Starting at the line that contains "this 1600×1085 image.", restate every line word for word through the end of the entries.

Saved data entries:
--
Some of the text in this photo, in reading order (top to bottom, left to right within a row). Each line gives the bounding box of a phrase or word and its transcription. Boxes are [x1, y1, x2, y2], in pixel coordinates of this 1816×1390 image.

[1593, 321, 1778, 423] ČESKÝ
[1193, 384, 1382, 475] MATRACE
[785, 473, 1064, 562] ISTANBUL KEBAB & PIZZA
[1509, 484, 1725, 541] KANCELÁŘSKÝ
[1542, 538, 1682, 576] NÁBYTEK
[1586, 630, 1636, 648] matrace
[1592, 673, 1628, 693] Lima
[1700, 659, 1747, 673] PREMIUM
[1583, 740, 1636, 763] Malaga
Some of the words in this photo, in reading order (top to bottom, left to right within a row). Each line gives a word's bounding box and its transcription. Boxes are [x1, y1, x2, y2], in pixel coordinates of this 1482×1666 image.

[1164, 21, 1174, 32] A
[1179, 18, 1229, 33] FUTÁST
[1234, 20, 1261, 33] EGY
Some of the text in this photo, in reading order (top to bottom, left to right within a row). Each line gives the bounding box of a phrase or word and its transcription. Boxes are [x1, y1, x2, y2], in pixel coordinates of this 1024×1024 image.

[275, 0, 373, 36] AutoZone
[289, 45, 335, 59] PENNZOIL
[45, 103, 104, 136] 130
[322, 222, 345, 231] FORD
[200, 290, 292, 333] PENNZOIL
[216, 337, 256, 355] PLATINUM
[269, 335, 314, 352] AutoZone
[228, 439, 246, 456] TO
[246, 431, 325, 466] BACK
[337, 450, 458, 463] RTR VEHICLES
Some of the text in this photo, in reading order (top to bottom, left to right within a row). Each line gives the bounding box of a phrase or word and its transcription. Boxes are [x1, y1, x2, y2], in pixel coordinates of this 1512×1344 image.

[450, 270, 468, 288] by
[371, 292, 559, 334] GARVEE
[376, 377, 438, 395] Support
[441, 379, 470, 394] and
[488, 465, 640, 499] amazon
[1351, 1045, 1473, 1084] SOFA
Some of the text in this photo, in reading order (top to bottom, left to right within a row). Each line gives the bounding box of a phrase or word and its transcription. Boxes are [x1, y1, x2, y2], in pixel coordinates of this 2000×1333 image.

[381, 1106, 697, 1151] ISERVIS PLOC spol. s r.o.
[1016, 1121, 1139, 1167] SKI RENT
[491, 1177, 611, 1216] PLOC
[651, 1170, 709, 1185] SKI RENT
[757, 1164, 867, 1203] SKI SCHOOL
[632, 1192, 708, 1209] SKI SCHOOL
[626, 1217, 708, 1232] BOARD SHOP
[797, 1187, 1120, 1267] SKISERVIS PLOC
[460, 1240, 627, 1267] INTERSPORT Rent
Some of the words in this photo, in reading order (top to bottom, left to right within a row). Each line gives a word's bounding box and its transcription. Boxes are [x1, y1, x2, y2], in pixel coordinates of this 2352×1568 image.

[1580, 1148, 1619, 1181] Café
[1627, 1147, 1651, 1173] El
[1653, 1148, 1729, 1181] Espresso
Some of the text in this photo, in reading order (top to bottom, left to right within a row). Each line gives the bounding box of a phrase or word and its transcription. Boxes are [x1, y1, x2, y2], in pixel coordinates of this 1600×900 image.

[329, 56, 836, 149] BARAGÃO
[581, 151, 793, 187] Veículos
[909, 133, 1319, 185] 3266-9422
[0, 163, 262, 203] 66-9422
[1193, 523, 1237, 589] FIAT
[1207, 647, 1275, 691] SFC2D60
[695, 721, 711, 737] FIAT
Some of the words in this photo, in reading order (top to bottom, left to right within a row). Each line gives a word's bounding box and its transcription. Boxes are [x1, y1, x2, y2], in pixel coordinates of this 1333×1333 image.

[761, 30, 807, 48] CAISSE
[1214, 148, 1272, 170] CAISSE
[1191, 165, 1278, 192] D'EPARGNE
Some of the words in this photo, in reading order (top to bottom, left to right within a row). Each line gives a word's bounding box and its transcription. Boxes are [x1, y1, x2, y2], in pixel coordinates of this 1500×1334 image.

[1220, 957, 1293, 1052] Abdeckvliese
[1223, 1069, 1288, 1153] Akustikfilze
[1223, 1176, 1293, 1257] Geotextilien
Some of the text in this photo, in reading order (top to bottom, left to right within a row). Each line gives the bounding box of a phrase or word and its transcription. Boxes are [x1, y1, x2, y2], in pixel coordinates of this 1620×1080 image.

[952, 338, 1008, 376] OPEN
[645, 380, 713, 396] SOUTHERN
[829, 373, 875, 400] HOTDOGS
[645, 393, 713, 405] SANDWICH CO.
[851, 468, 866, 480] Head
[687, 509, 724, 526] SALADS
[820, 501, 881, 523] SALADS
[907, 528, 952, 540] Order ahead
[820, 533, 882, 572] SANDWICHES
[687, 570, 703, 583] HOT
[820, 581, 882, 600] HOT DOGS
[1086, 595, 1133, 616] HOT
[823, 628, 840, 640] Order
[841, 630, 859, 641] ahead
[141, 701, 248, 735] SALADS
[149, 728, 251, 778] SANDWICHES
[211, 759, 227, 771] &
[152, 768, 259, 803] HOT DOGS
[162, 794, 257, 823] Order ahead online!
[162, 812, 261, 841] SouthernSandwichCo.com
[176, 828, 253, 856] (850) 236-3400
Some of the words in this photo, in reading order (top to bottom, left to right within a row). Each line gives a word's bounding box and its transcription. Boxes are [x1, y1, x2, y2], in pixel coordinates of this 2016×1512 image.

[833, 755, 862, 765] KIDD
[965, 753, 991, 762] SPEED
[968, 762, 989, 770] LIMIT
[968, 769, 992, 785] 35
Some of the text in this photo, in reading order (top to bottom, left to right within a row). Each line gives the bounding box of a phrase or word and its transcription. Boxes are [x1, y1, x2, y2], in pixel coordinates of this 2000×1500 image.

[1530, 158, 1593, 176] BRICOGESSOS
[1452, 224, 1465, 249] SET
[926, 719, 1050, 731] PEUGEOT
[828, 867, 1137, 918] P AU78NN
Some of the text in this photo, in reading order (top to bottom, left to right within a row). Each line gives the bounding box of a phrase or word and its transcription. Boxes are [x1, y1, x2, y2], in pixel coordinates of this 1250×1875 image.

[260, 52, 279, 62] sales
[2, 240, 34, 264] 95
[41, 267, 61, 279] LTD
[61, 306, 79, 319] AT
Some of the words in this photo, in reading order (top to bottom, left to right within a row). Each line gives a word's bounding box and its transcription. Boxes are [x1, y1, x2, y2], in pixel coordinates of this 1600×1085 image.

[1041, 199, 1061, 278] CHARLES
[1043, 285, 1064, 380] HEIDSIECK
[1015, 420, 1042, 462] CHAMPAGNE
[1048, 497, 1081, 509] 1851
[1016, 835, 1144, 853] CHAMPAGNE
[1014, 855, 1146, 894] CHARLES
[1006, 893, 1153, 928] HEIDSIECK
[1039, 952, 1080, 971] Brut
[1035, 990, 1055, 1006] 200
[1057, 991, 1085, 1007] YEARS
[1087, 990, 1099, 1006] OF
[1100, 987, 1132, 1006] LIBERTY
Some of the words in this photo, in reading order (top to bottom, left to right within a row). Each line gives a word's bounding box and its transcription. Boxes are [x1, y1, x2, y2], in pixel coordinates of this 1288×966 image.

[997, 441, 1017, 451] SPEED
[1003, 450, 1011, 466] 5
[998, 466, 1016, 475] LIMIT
--
▸ Result
Some of the words in this photo, in reading order (top to bottom, left to right within a row). Each line gives a word's bounding box and its transcription. Boxes are [x1, y1, x2, y2], in pixel coordinates of this 1600×1085 image.

[1041, 199, 1061, 278] CHARLES
[1043, 285, 1064, 380] HEIDSIECK
[1015, 420, 1042, 462] CHAMPAGNE
[1048, 497, 1081, 509] 1851
[1016, 835, 1144, 853] CHAMPAGNE
[1014, 855, 1146, 894] CHARLES
[1006, 893, 1153, 928] HEIDSIECK
[1039, 952, 1080, 971] Brut
[1035, 990, 1055, 1006] 200
[1057, 991, 1085, 1007] YEARS
[1087, 990, 1099, 1006] OF
[1100, 987, 1132, 1006] LIBERTY
Some of the words in this photo, in reading order (top to bottom, left to right within a row). Each line gives a word's bounding box and its transcription. Boxes are [x1, y1, x2, y2], in pixel coordinates of this 1288×966 image.

[997, 441, 1017, 451] SPEED
[1003, 450, 1011, 466] 5
[998, 466, 1016, 475] LIMIT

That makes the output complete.